There Is No Biden Moment
If Joe Biden wanted to spend massively in response to a nearly unprecedented public health emergency, he was elected too late.
The conventional wisdom justifying Biden's new FDR-sized ambitions is that the country is in crisis, and he has to meet the proverbial moment, which can only be done with 13-digit spending bills.
The truth is, though, that there is no crisis, and there is no moment.
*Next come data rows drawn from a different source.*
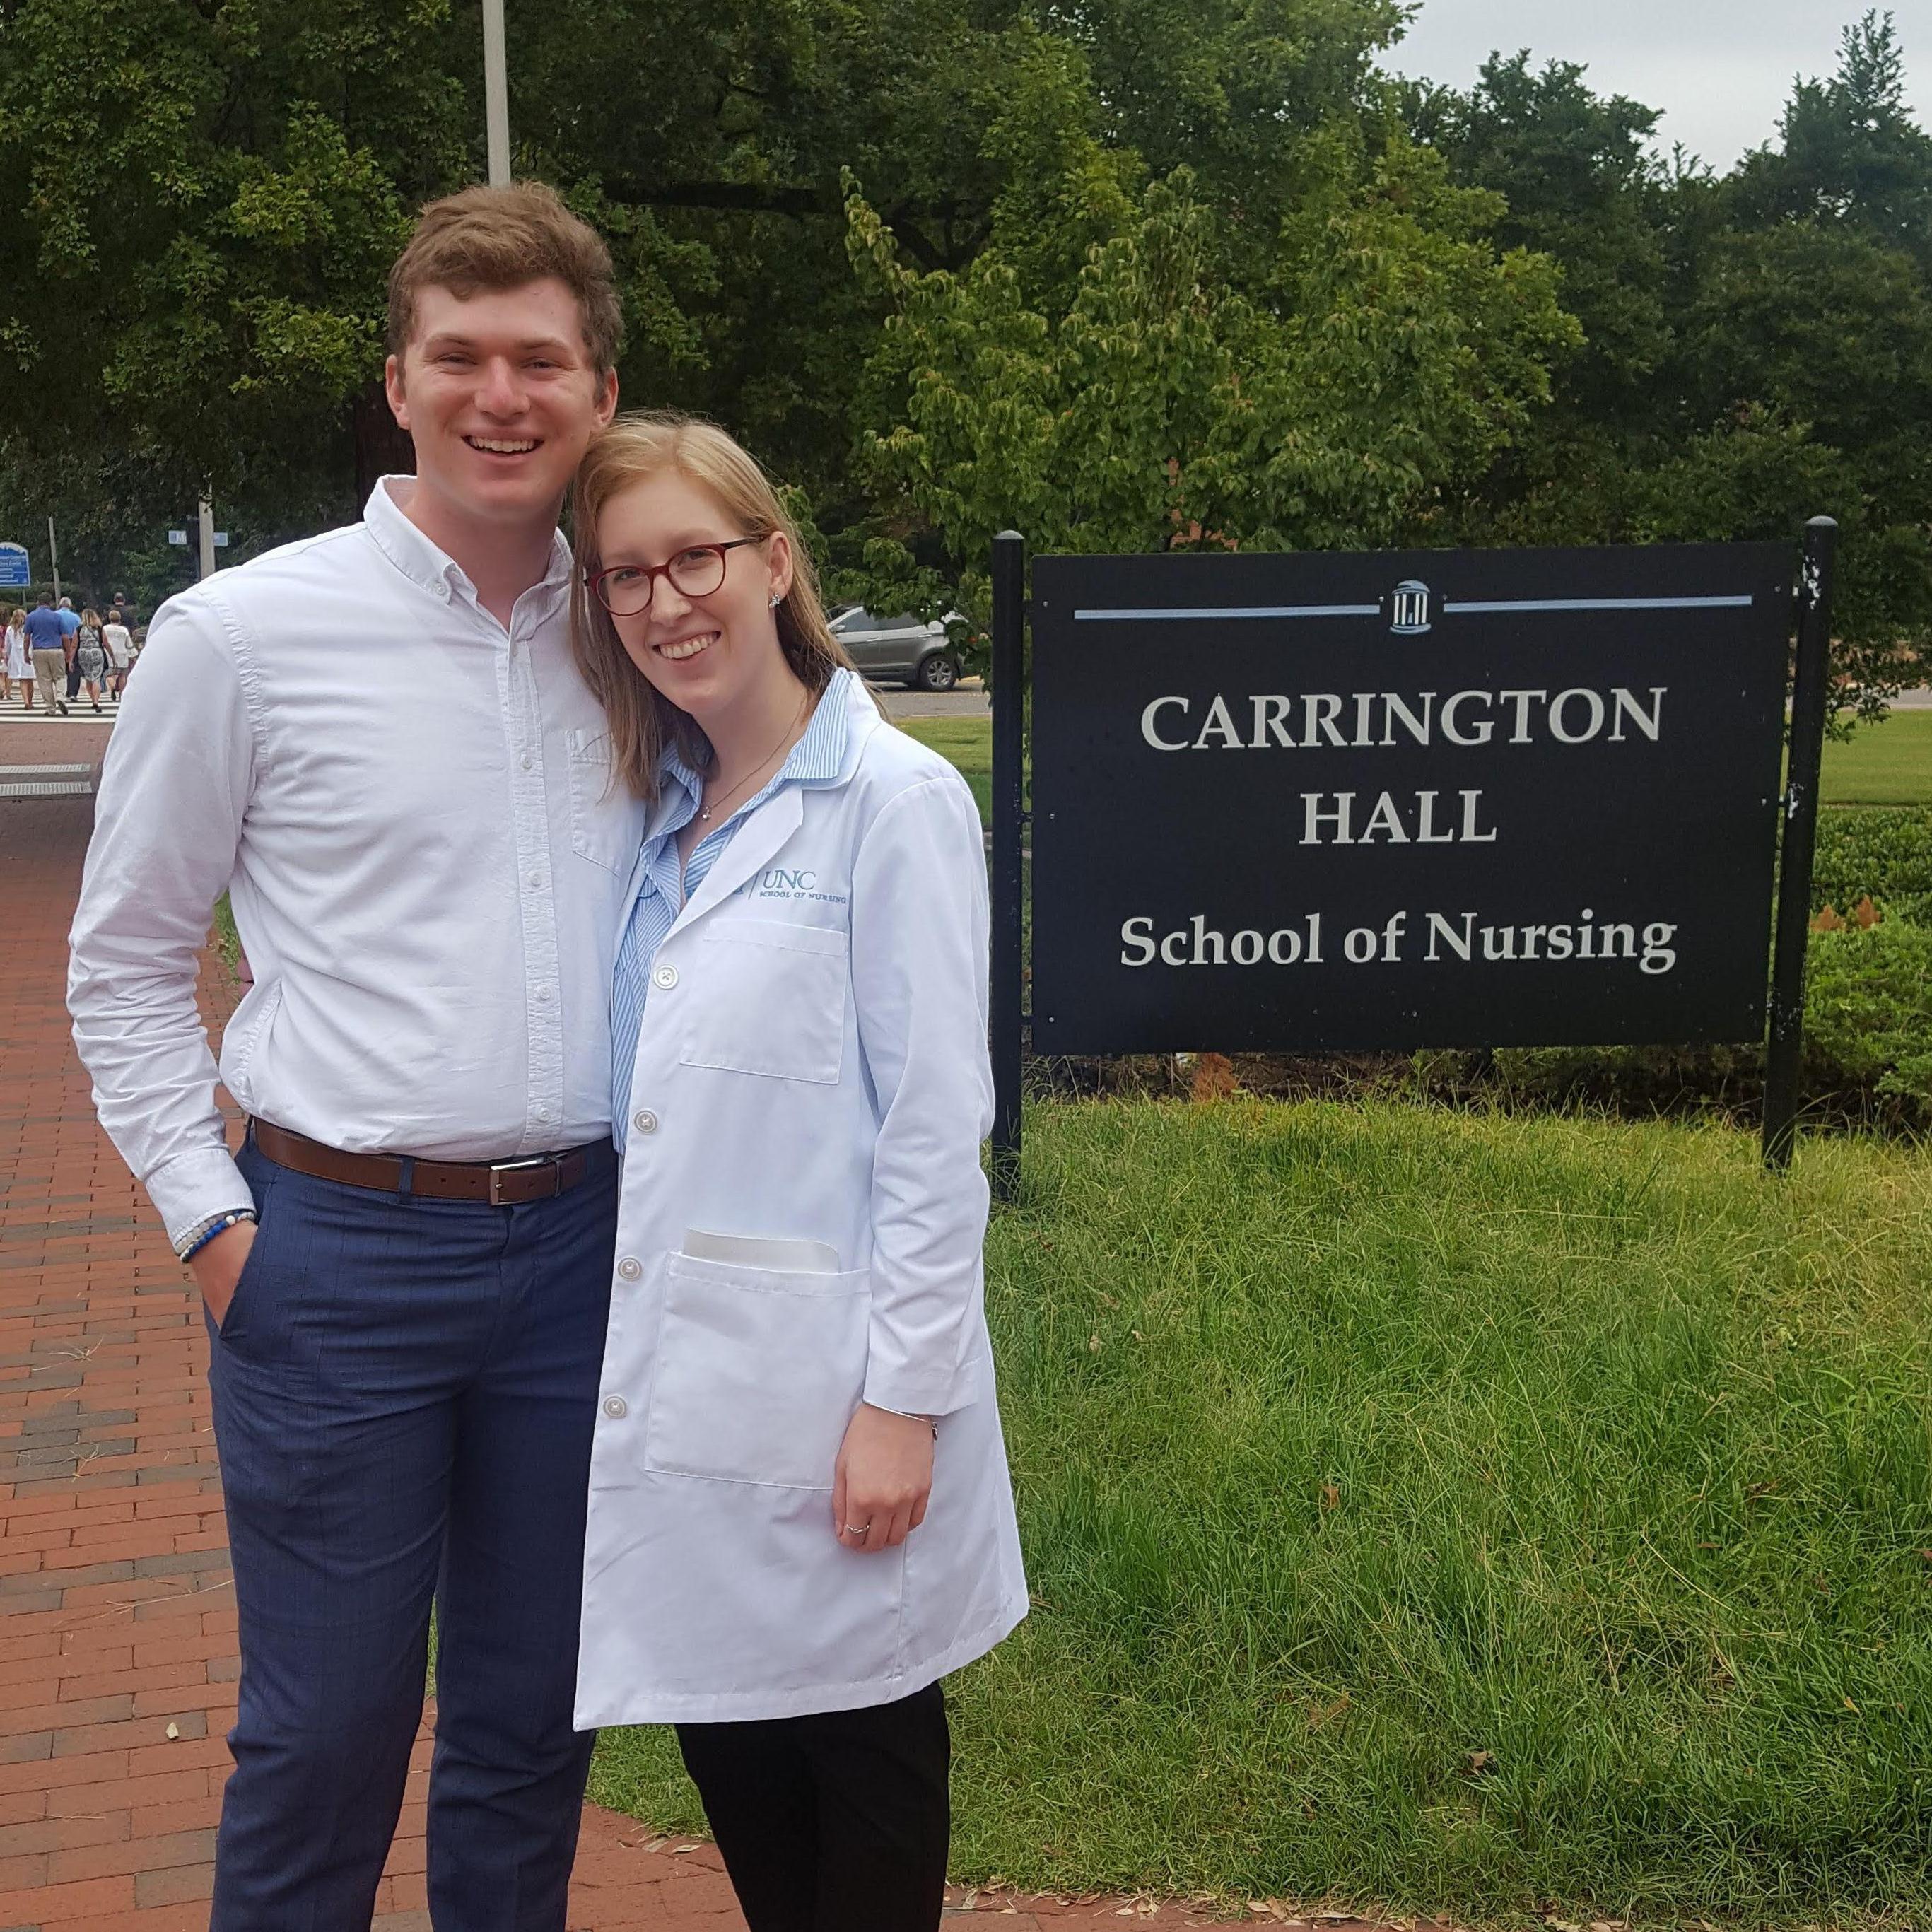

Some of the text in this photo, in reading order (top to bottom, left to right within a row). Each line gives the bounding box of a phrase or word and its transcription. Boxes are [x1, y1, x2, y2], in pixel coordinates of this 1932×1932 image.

[1141, 687, 1668, 751] CARRINGTON
[1299, 790, 1497, 845] HALL
[763, 870, 816, 890] UNC
[809, 893, 847, 904] NURSING
[1120, 908, 1678, 974] School of Nursing
There's only an excuse, an occasion, and a procedure.
The excuse is the supposed downtrodden state of the country such that only $6 trillion can save it from rack and ruin.
The occasion is very slender Democratic majorities in Congress that are willing to contemplate levels of spending that, not too long ago, only the likes of Bernie Sanders and AOC openly agitated for.
The procedure is reconciliation, the process that allows fiscal measures to pass the Senate with just 51 votes rather than the usual 60.
It is true that the nation was in a double-barreled public health and economic emergency for about a year, but Biden took office in January just when, thanks to the advent of the COVID-19 vaccines, the end was finally in sight.
Now, new cases have declined steeply from their peak, and are down nearly 30% over the last two weeks.
Even New York, New Jersey and Connecticut are lifting their COVID-19 restrictions in coming weeks.
100 million Americans have been vaccinated. The problem no longer is producing and distributing enough vaccine for the public but finding enough people who want to get it.